Anyway, the End of the World gets predicted all the time, but never arrives. Of course, Kage had a totally different theory about that. She said that the world does indeed end every time it’s predicted – in fact, it ends more often. But it always comes back just the same as it was, and almost no one notices. Oh, there may some confusing new trends for good or ill (but mostly ill) that no one can explain, but that all gets ignored in the rush of daily life. I’m pretty sure she would blame the election of Donald Trump on this phenomenon.
The latest End of the World warning here in the USA is a little bit different. Its prophet is a Catholic. a layman, claims a degree in statistics, and I don’t think he lives in California. (It’s hard to tell from the paucity of personal details on him online.) But he sticks to a tried and true script. The culprit is the planet Nabiru, AKA Planet X, and I am sure his forecast is rife with Enochian prophecies and the Annunaki, giant catfish dudes reputed to be connected with this stuff since the days of Chaldea. More to the point, Meade is also already skipping around the hard details – the End was supposed to be on September 23rd, but now he says No (no explanation given, except – you know – the world did kind of conspicuously not end then) and Meade says it will now occur “sometime in October”. He’ll let everyone know when, in case you somehow miss it …
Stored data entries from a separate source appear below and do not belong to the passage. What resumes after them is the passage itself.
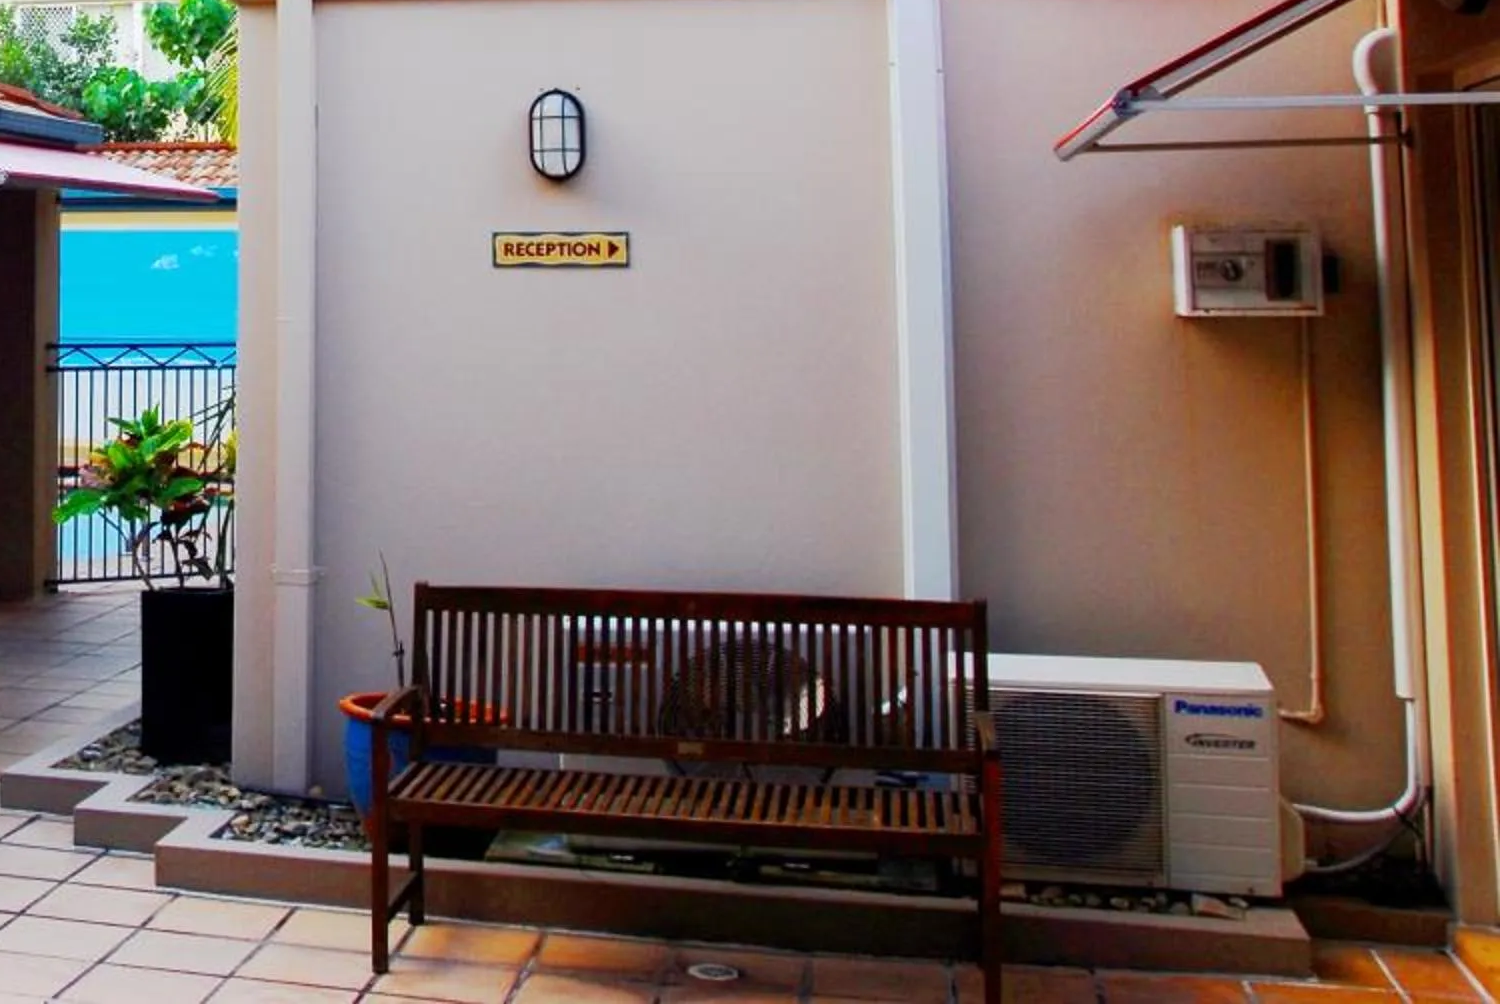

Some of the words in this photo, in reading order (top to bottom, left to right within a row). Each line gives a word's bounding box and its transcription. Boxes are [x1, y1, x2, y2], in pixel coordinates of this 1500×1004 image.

[503, 241, 601, 257] RECEPTION
[1173, 699, 1264, 718] Panasonic
[1186, 735, 1256, 750] INVERTER
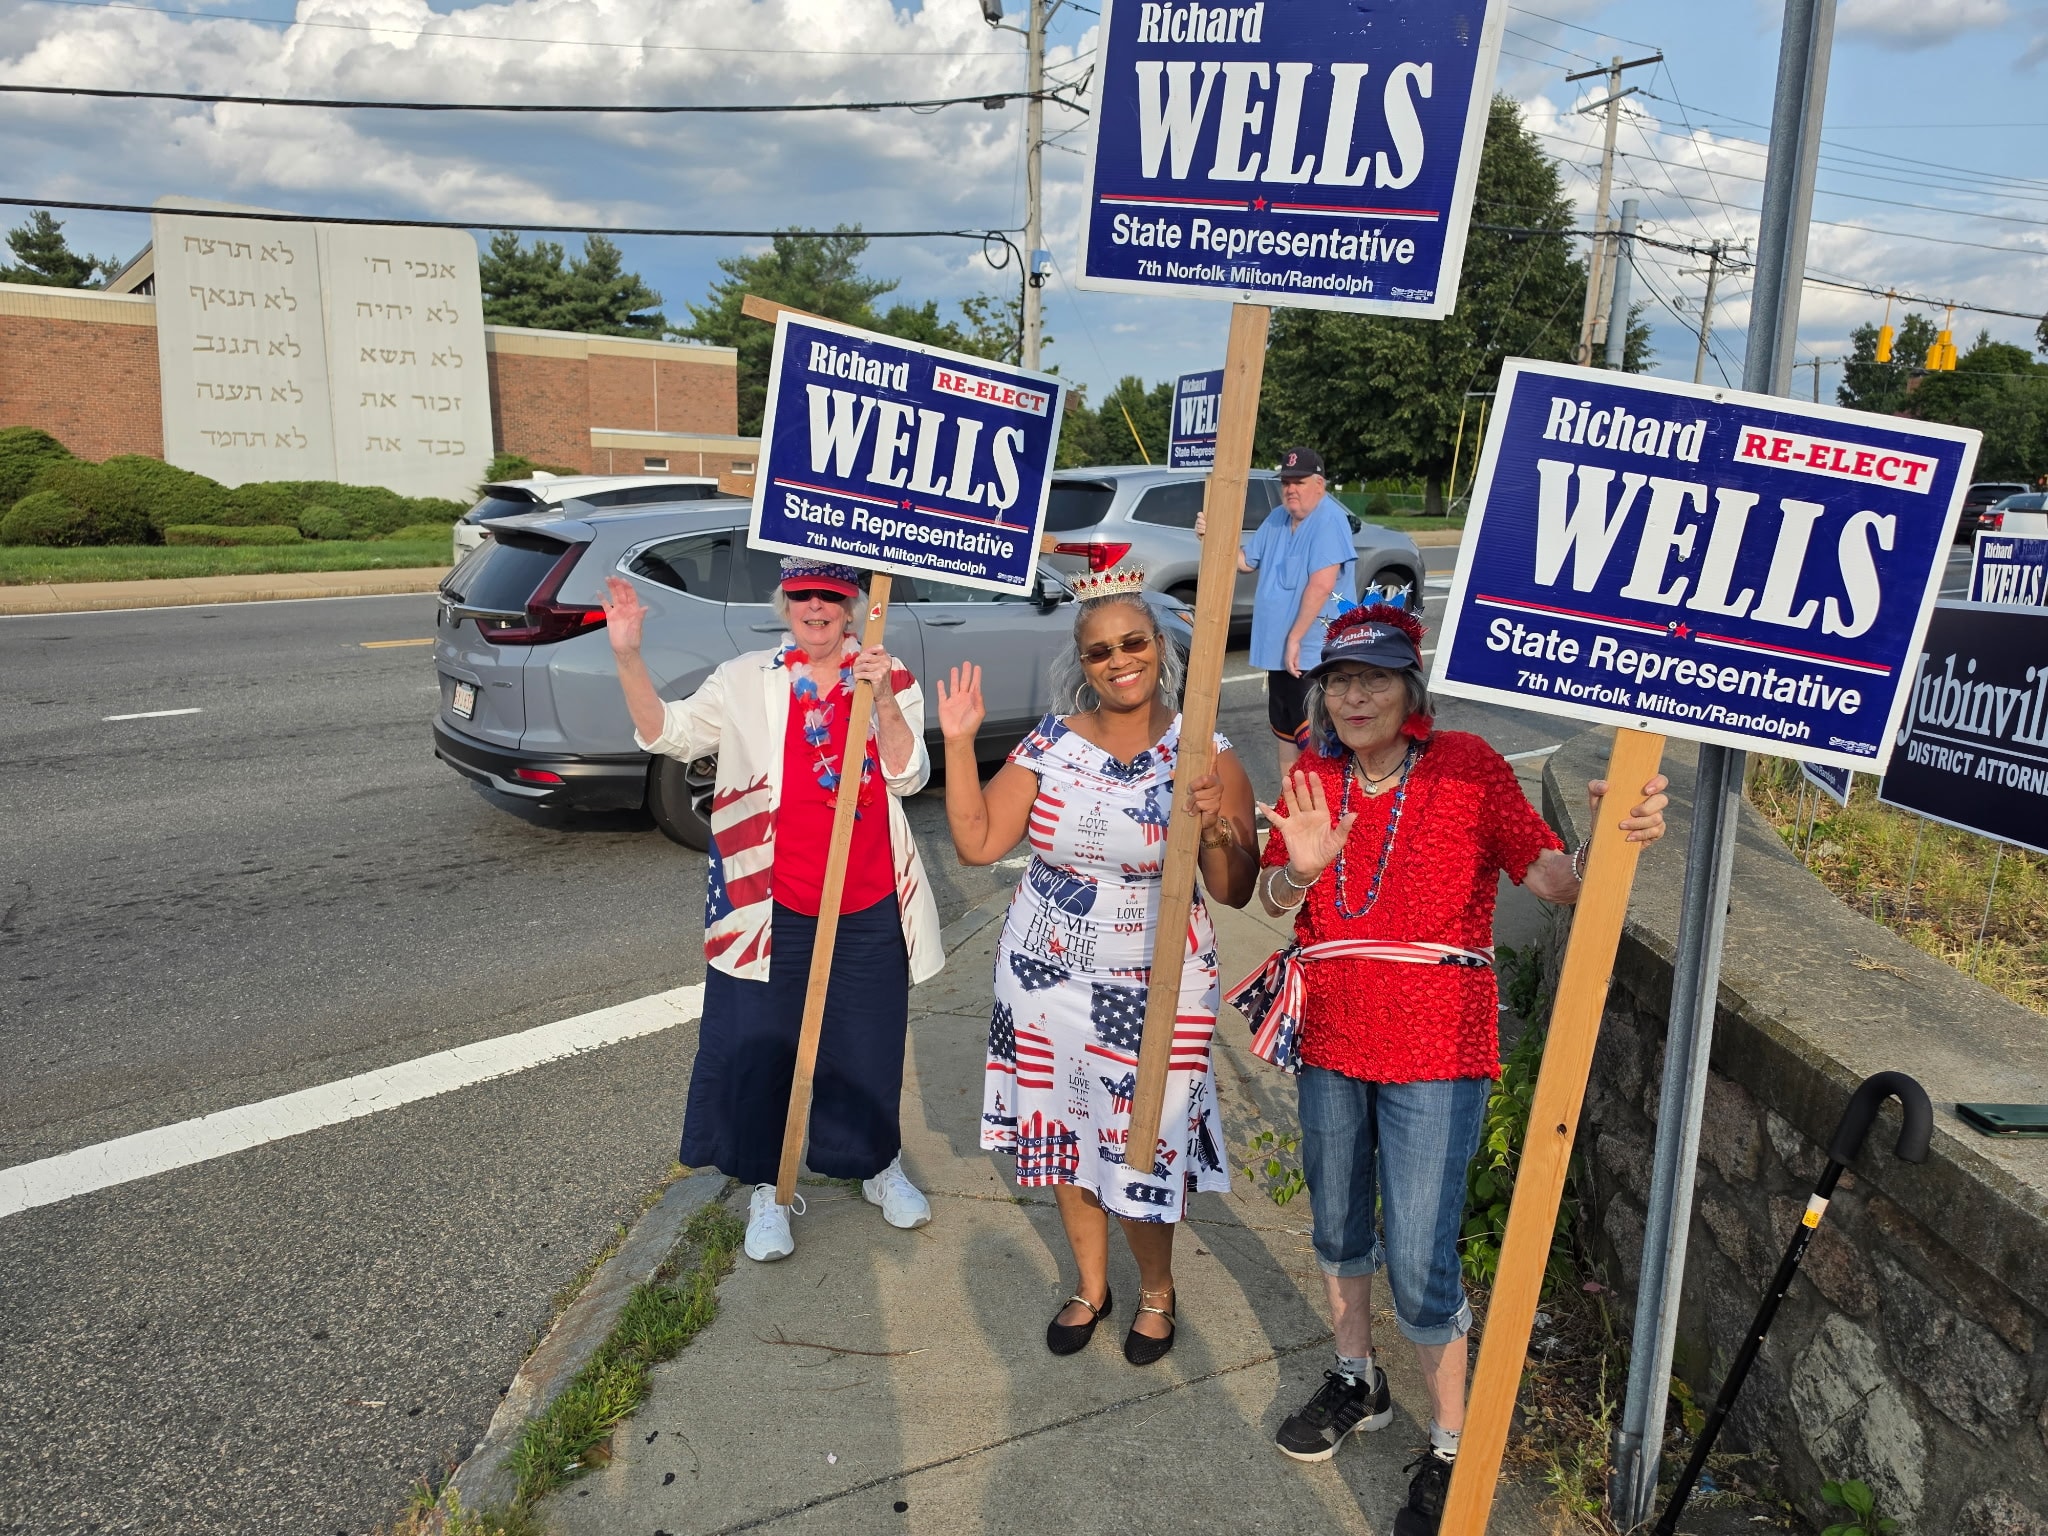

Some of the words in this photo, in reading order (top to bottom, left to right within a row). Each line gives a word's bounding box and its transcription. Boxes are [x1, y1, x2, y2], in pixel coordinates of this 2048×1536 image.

[1137, 2, 1264, 43] Richard
[1134, 60, 1433, 190] WELLS
[184, 235, 252, 260] תרצח
[1111, 213, 1182, 249] State
[1190, 218, 1415, 265] Representative
[260, 240, 294, 265] לא
[405, 260, 456, 279] אנכי
[1137, 259, 1162, 278] 7th
[1166, 261, 1226, 282] Norfolk
[1230, 265, 1374, 295] Milton/Randolph
[189, 285, 256, 311] תנאף
[263, 286, 298, 312] לא
[356, 302, 413, 320] יהיה
[426, 300, 459, 324] לא
[193, 334, 260, 355] תגנב
[267, 333, 302, 358] לא
[360, 346, 416, 366] תשא
[430, 346, 463, 368] לא
[807, 341, 910, 393] Richard
[937, 371, 1045, 412] RE-ELECT
[196, 382, 262, 401] תענה
[270, 380, 304, 404] לא
[359, 391, 397, 408] את
[411, 394, 461, 412] זכור
[1180, 394, 1222, 436] WEL
[200, 429, 267, 448] תחמד
[275, 426, 308, 449] לא
[365, 435, 401, 452] את
[418, 438, 466, 456] כבד
[806, 383, 1025, 510] WELLS
[1542, 397, 1707, 463] Richard
[1742, 433, 1929, 488] RE-ELECT
[783, 495, 846, 531] State
[851, 508, 1014, 559] Representative
[806, 532, 828, 547] 7th
[831, 536, 880, 557] Norfolk
[883, 545, 987, 576] Milton/Randolph
[1534, 458, 1897, 640] WELLS
[1984, 542, 2013, 560] Richard
[1981, 563, 2043, 606] WELLS
[1331, 628, 1387, 648] Randolph
[1486, 618, 1581, 665] State
[1589, 636, 1862, 715] Representative
[1516, 671, 1549, 693] 7th
[1554, 677, 1631, 709] Norfolk
[1636, 690, 1811, 742] Milton/Randolph
[1907, 739, 1975, 776] DISTRICT
[1078, 815, 1108, 832] LOVE
[1116, 907, 1145, 919] LOVE
[1069, 1074, 1090, 1090] LOVE
[1098, 1128, 1178, 1165] AMECA
If Nabiru and the Annunaki don’t turn you on, have no fear. Half a dozen other folks of dubious provenance are also predicting the world will end sometime in 2018. Oddly, none of them are connected with the State Department. But all manner of of extraordinary and unlikely weather phenomenon are apparently on the way. None due to climate change, of course …
This is all guaranteed to put one in an odd mood, I must say. Handy for writing the disaster story, though. Tentacles and barbels and toxic seafood, oh my!
Nothing appeals like the classics, Dear Readers.